Dataset items
________________

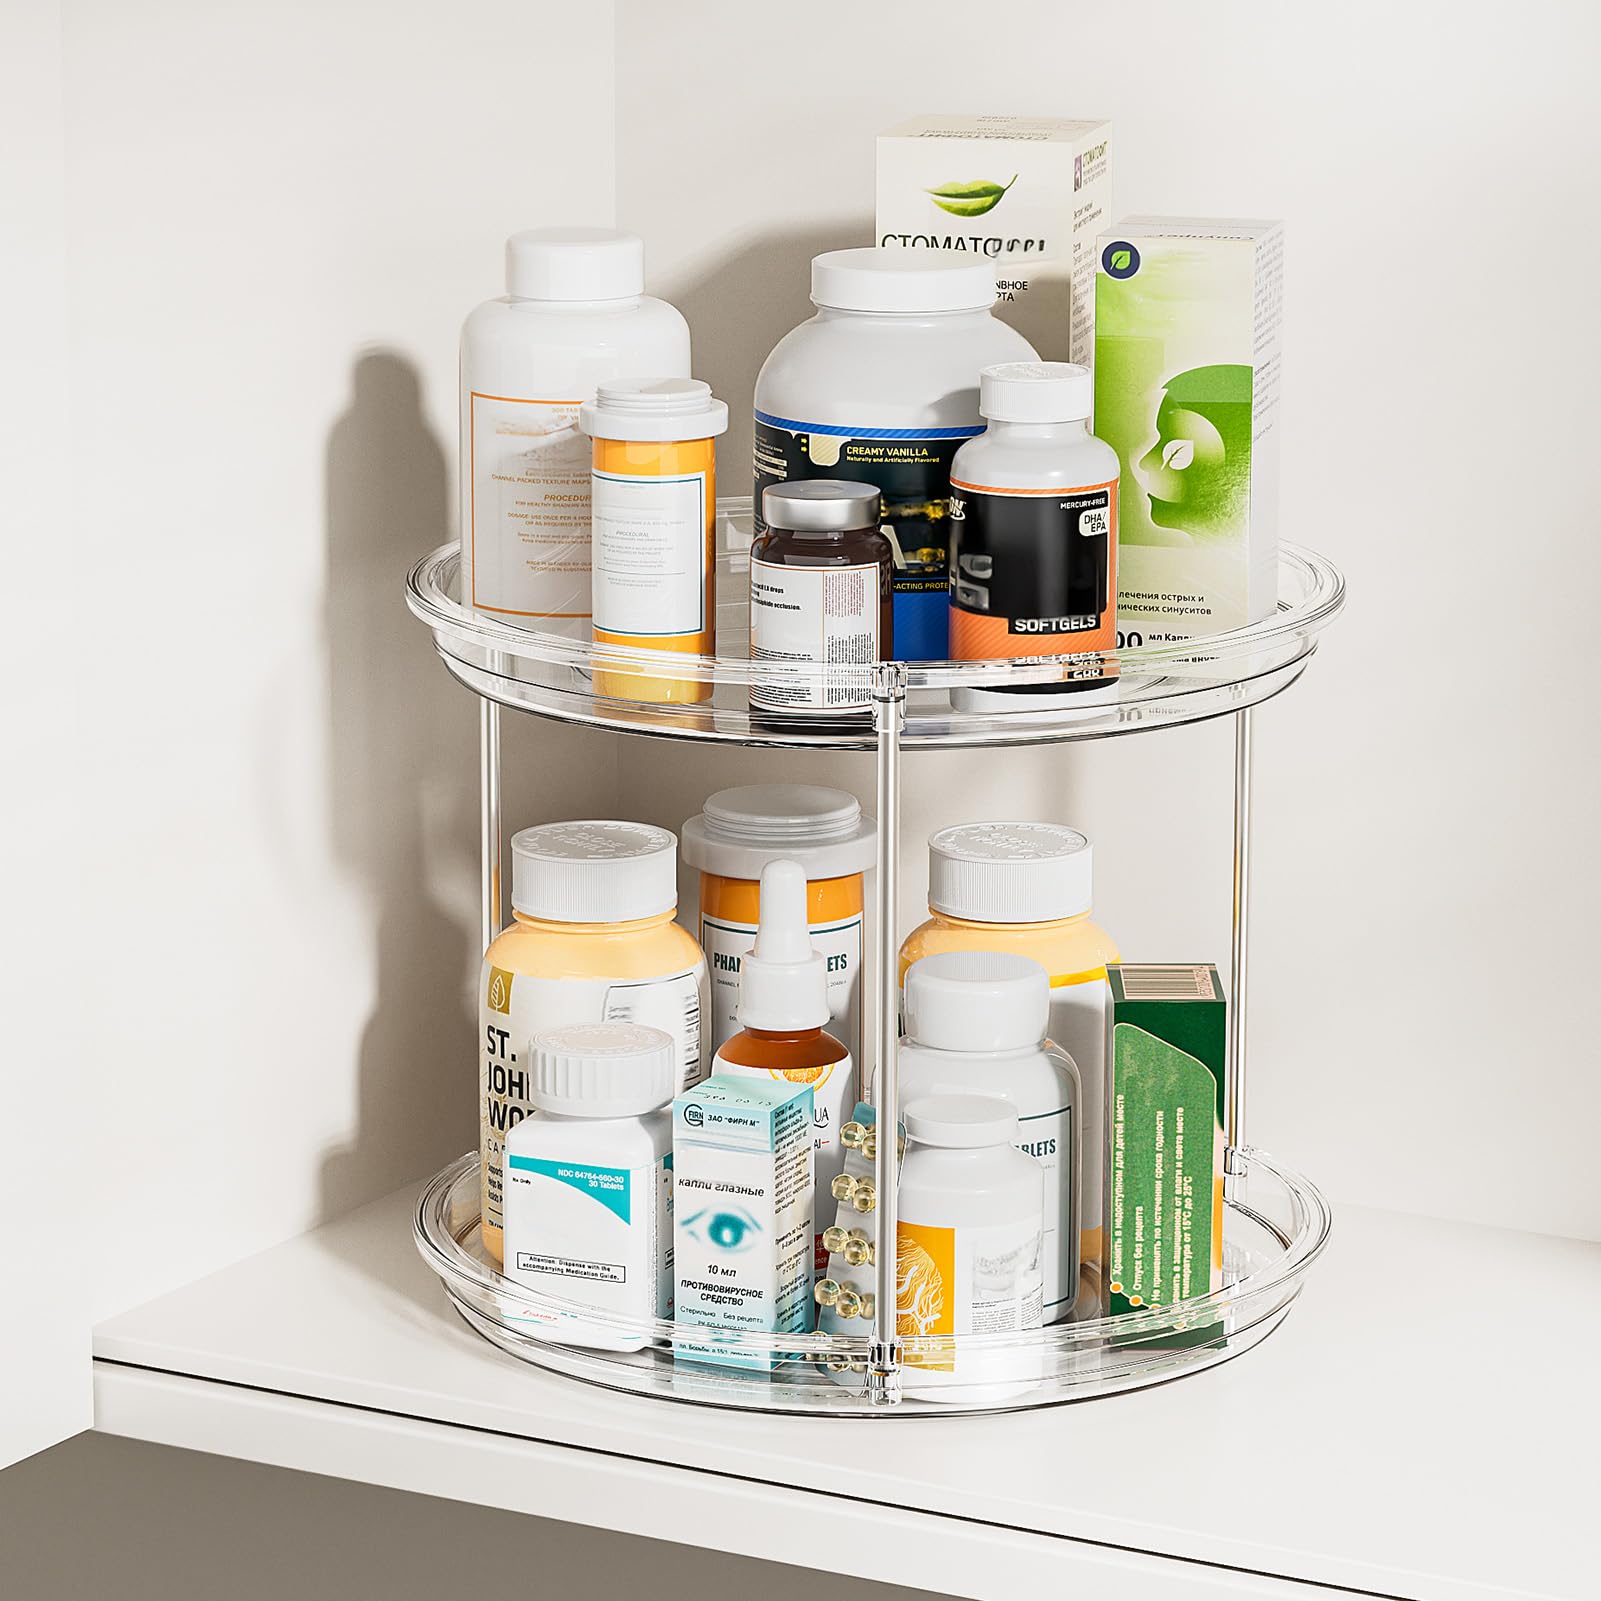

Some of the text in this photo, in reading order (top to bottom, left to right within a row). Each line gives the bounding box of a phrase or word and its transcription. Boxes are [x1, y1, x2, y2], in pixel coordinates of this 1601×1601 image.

[846, 446, 929, 457] CREAMY VANILLA
[1060, 497, 1106, 509] MERCURY-FREE
[1084, 511, 1107, 524] DHA/
[1090, 521, 1107, 532] EPA
[1119, 591, 1159, 599] лечения
[1161, 594, 1195, 603] острых
[1162, 607, 1212, 615] синуситов
[1014, 615, 1097, 632] SOFTGELS
[1148, 633, 1163, 641] мл
[827, 953, 847, 972] ETS
[487, 1024, 516, 1062] ST.
[487, 1096, 536, 1131] WO
[1116, 1094, 1124, 1121] месте
[707, 1114, 723, 1123] ЗАО
[1176, 1107, 1184, 1133] месте
[1115, 1123, 1124, 1150] детей
[1156, 1110, 1164, 1151] годности
[1014, 1138, 1056, 1157] BLETS
[1116, 1151, 1124, 1168] для
[1155, 1153, 1164, 1178] срока
[557, 1169, 573, 1178] NDC
[588, 1180, 625, 1190] 30 Tablets
[678, 1178, 765, 1197] капли глазные
[1115, 1170, 1125, 1229] недоступном
[1175, 1196, 1182, 1206] от
[1184, 1198, 1192, 1210] до
[1154, 1228, 1161, 1239] по
[1184, 1232, 1191, 1242] от
[1133, 1206, 1144, 1290] Отпуск без рецепта
[558, 1259, 586, 1269] Dispense
[1113, 1238, 1122, 1275] Хранить
[1153, 1240, 1162, 1287] применять
[522, 1262, 620, 1280] accompanying Medication Guide.
[707, 1264, 737, 1277] 10 мл
[680, 1279, 764, 1299] ПРОТИВОВИРУСНОЕ
[1151, 1289, 1160, 1301] Не
[700, 1293, 744, 1306] СРЕДСТВО
[680, 1305, 717, 1318] Стерильно
[723, 1312, 735, 1321] Без

________________

**WHAT NEEDS TO BE DONE**
Although the records contain pictures, your copy should hold only the text, reproduced exactly.

**RESULT OF THE TASK**
Some of the text in this photo, in reading order (top to bottom, left to right within a row). Each line gives the bounding box of a phrase or word and its transcription. Boxes are [x1, y1, x2, y2], in pixel coordinates of this 1601×1601 image.

[846, 446, 929, 457] CREAMY VANILLA
[1060, 497, 1106, 509] MERCURY-FREE
[1084, 511, 1107, 524] DHA/
[1090, 521, 1107, 532] EPA
[1119, 591, 1159, 599] лечения
[1161, 594, 1195, 603] острых
[1162, 607, 1212, 615] синуситов
[1014, 615, 1097, 632] SOFTGELS
[1148, 633, 1163, 641] мл
[827, 953, 847, 972] ETS
[487, 1024, 516, 1062] ST.
[487, 1096, 536, 1131] WO
[1116, 1094, 1124, 1121] месте
[707, 1114, 723, 1123] ЗАО
[1176, 1107, 1184, 1133] месте
[1115, 1123, 1124, 1150] детей
[1156, 1110, 1164, 1151] годности
[1014, 1138, 1056, 1157] BLETS
[1116, 1151, 1124, 1168] для
[1155, 1153, 1164, 1178] срока
[557, 1169, 573, 1178] NDC
[588, 1180, 625, 1190] 30 Tablets
[678, 1178, 765, 1197] капли глазные
[1115, 1170, 1125, 1229] недоступном
[1175, 1196, 1182, 1206] от
[1184, 1198, 1192, 1210] до
[1154, 1228, 1161, 1239] по
[1184, 1232, 1191, 1242] от
[1133, 1206, 1144, 1290] Отпуск без рецепта
[558, 1259, 586, 1269] Dispense
[1113, 1238, 1122, 1275] Хранить
[1153, 1240, 1162, 1287] применять
[522, 1262, 620, 1280] accompanying Medication Guide.
[707, 1264, 737, 1277] 10 мл
[680, 1279, 764, 1299] ПРОТИВОВИРУСНОЕ
[1151, 1289, 1160, 1301] Не
[700, 1293, 744, 1306] СРЕДСТВО
[680, 1305, 717, 1318] Стерильно
[723, 1312, 735, 1321] Без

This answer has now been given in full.